Le deuxième élément à prendre en compte est celui de la définition du chômage et du fameux halo de chômage. La baisse des chômeurs concerne toujours et encore celle des chômeurs en catégorie A : cette catégorie qui d’ailleurs n’a pas bougé à la faveur du chômage partiel durant toute la période du Covid. Pendant ce temps, les catégories B et C ont explosé : il s’agit de gens qui travaillent quelques heures par semaine, désiraient travailler plus, ou sont en formation intermédiaire.

Deux éléments viennent gonfler ces rangs : d’abord, les dernières réformes du gouvernement, en matière de formation et pour les mois à venir de l’assurance chômage. Nous avons eu tendance à faire circuler les chômeurs de catégories A vers ces autres catégories, via la formation… et demain, vers des formes d’emplois un peu plus précaires (en deçà en nombre d’heures notamment de ce que ces individus souhaiteraient travailler) en raison du durcissement du régime d’indemnisation. Les gouvernements français sont en passe de faire disparaître un peu par magie le problème du chômage statistique en France : tous en formation ou en petit boulot intermédiaire, nous ne serions plus jamais de «vrais» chômeurs.
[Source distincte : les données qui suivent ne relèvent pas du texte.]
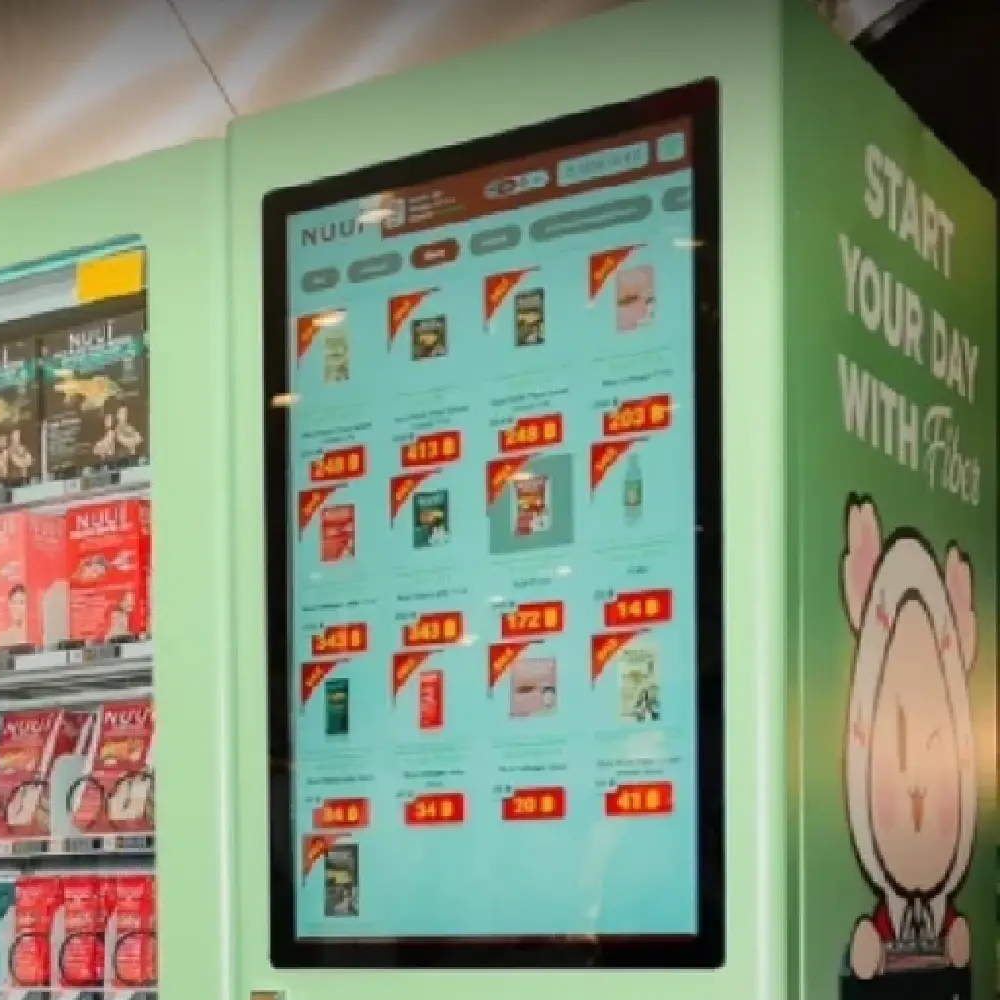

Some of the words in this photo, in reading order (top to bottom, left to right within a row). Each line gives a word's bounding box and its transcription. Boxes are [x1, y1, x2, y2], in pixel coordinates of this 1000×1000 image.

[864, 143, 956, 280] START
[838, 232, 923, 365] YOUR
[930, 308, 980, 404] DAY
[838, 353, 920, 471] WITH
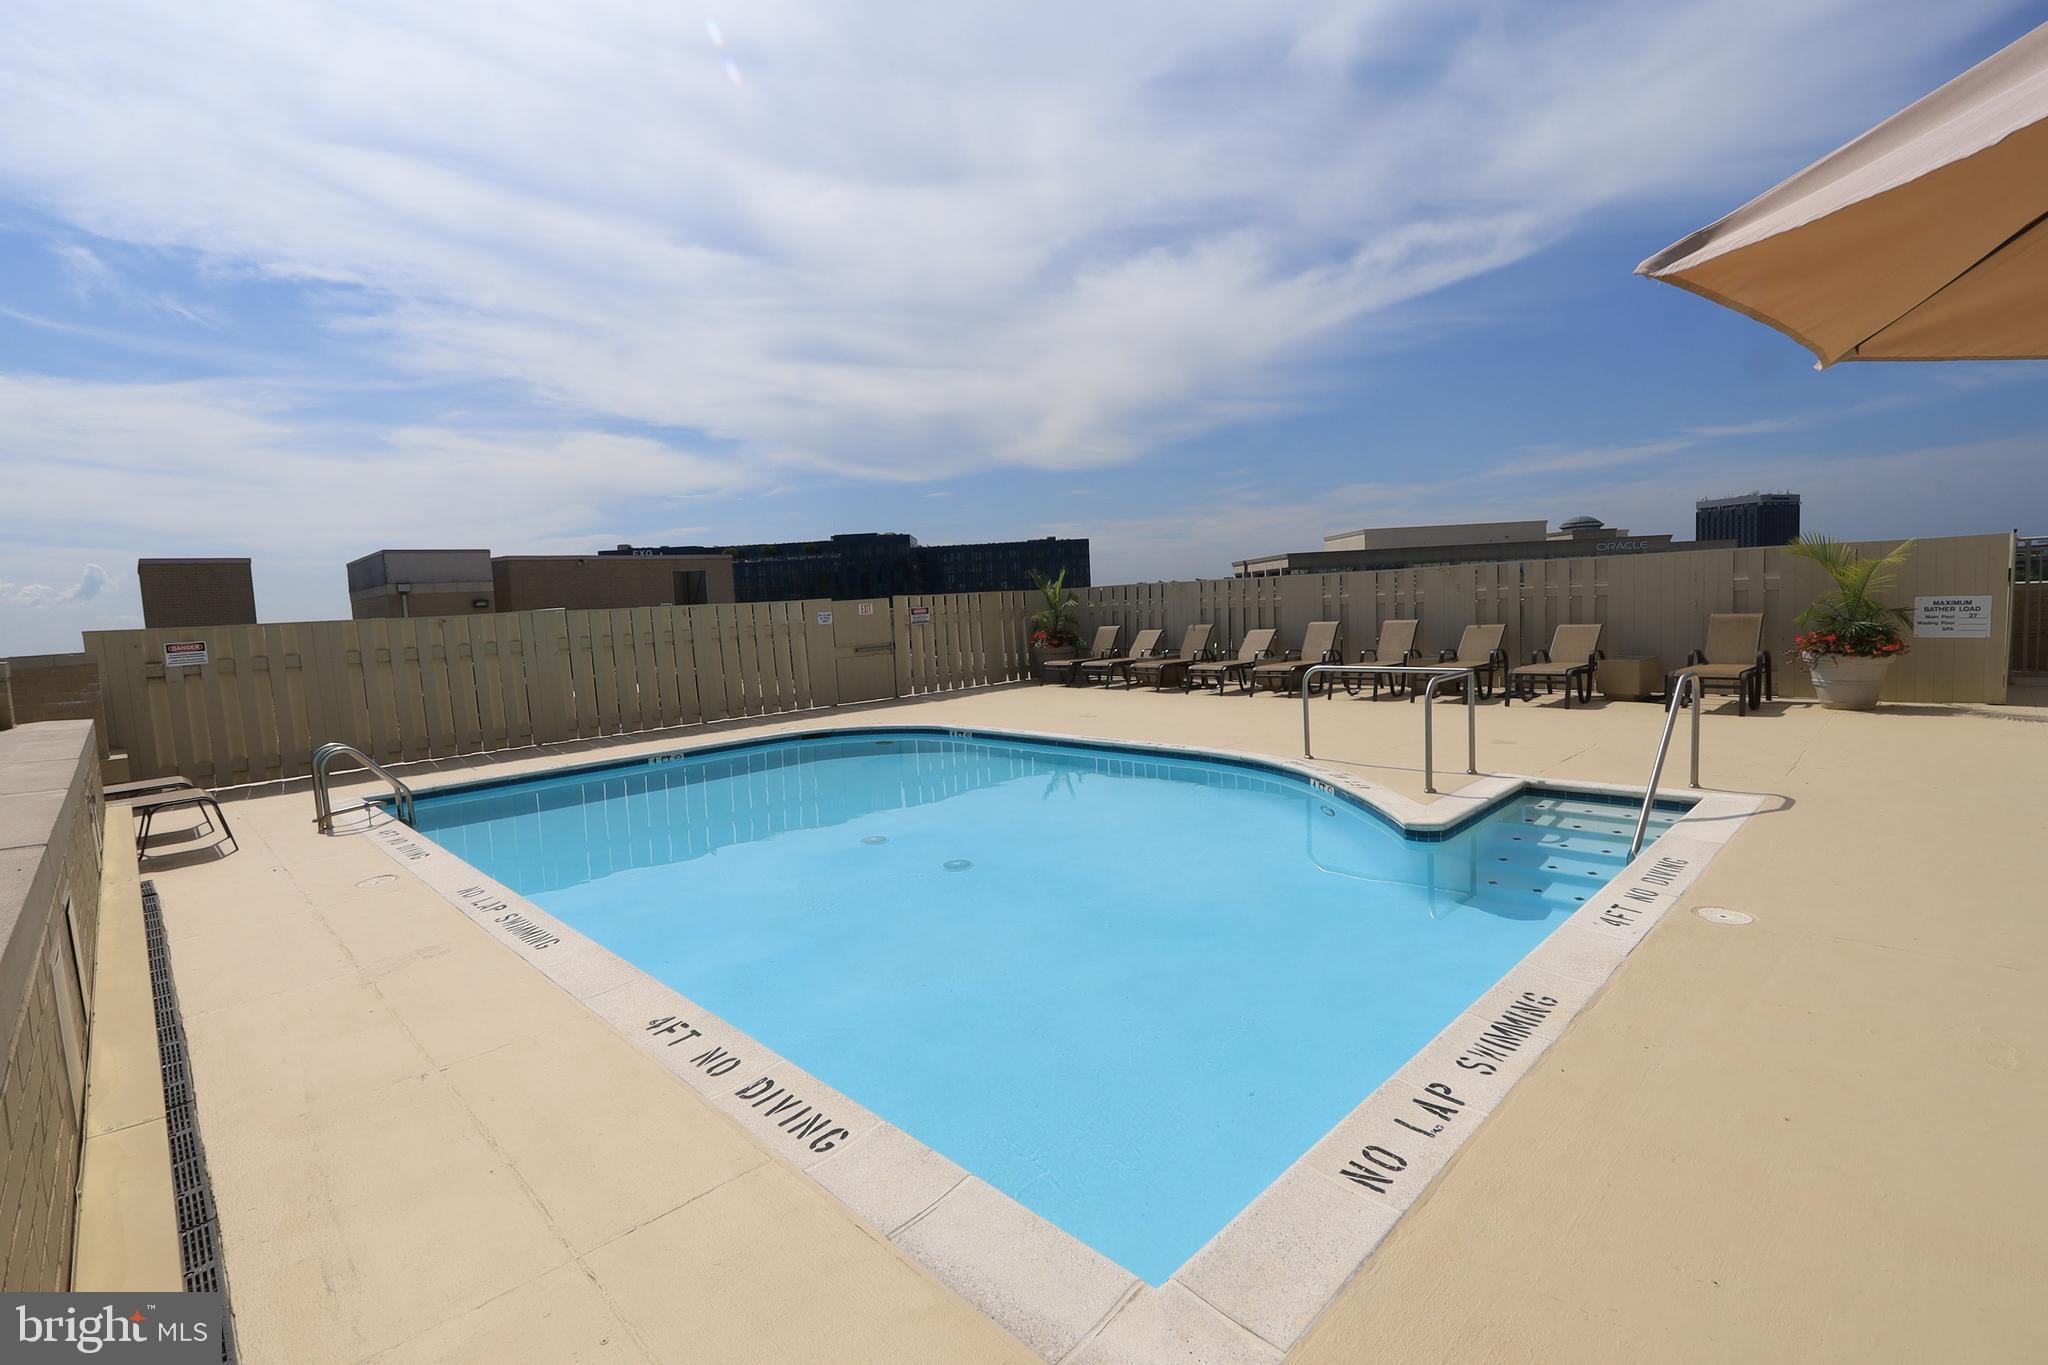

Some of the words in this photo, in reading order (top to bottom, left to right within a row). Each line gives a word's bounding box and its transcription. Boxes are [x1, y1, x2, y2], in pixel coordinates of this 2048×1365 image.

[1595, 541, 1649, 551] ORACLE
[396, 843, 431, 861] DIVING
[1640, 856, 1689, 887] DIVING
[456, 885, 485, 899] NO
[1624, 887, 1660, 904] NO
[470, 896, 508, 913] LAP
[1599, 903, 1643, 927] 4FT
[494, 912, 561, 951] SWIMMING
[645, 1016, 703, 1047] 4FT
[689, 1046, 742, 1077] NO
[734, 1076, 850, 1153] DIVING
[1338, 1145, 1408, 1195] NO
[1393, 1082, 1466, 1139] LAP
[1455, 991, 1559, 1076] SWIMMING
Pendant ce temps, le chômage de long terme, qui concerne 2,9 millions de gens en France, ne baisse pas lui et ce fameux halo du chômage augmente, même avec la reprise. Il faut espérer qu’à un certain point, la reprise sera tellement forte qu’elle absorbera aussi ces chômeurs de longue durée. En attendant, on parle beaucoup des emplois non pourvus (inadéquation de la formation, refus des individus), un stock qui aurait augmenté de 50% : mais à 300 000 emplois, ce chiffre demeure ridicule par rapport aux 6 millions de chômeurs voir plus à nouveau si on devait intégrer toutes les catégories. Les goulets d’étranglement en sortie du Covid existent certes, mais c’est un phénomène transitoire. Il existe des solutions politiques à cette inadéquation, au niveau des territoires, comme celle mise en place par Xavier Bertrand avec Hauts de France Mobilités, pour éviter que la question de la mobilité ne soit un frein à la reprise d’emploi.

Enfin, on notera un troisième élément qui renforce de manière symbiotique le second, et qui là aussi, avec un décalage dans le temps, nous vient des États-Unis : il s’agit du phénomène de la « Grande Démission ». Une partie de la force de travail ne souhaite pas revenir au monde pré-Covid, abandonne ses positions de salariés mais aussi sa recherche d’emploi, pour se contenter d’un nouvel équilibre entre vie au foyer, formation et activité réduite mais ayant du sens pour ces personnes (en auto-entrepreneuriat ou en travaillant quelques heures) : voilà une typologie d’individus qui typiquement parfois quitte la catégorie A pour se retrouver dans les statistiques de la création d’entreprise, ou parmi les chômeurs de catégorie B. Le kaléidoscope qu’est devenu notre monde du travail n’est plus représenté par des statistiques officielles qui ne disent qu’imparfaitement ce qu’il est.

Les progrès de notre économie sont réels et logiques après l’effondrement de 2020, mais en l’absence de pilotes intelligents de cette économie au cours des prochaines années, au-delà du mistigri des statistiques, il n’est pas sûr que la prospérité soit automatiquement et inéluctablement au coin de la rue, notamment pour nos 8 millions de sous-employés.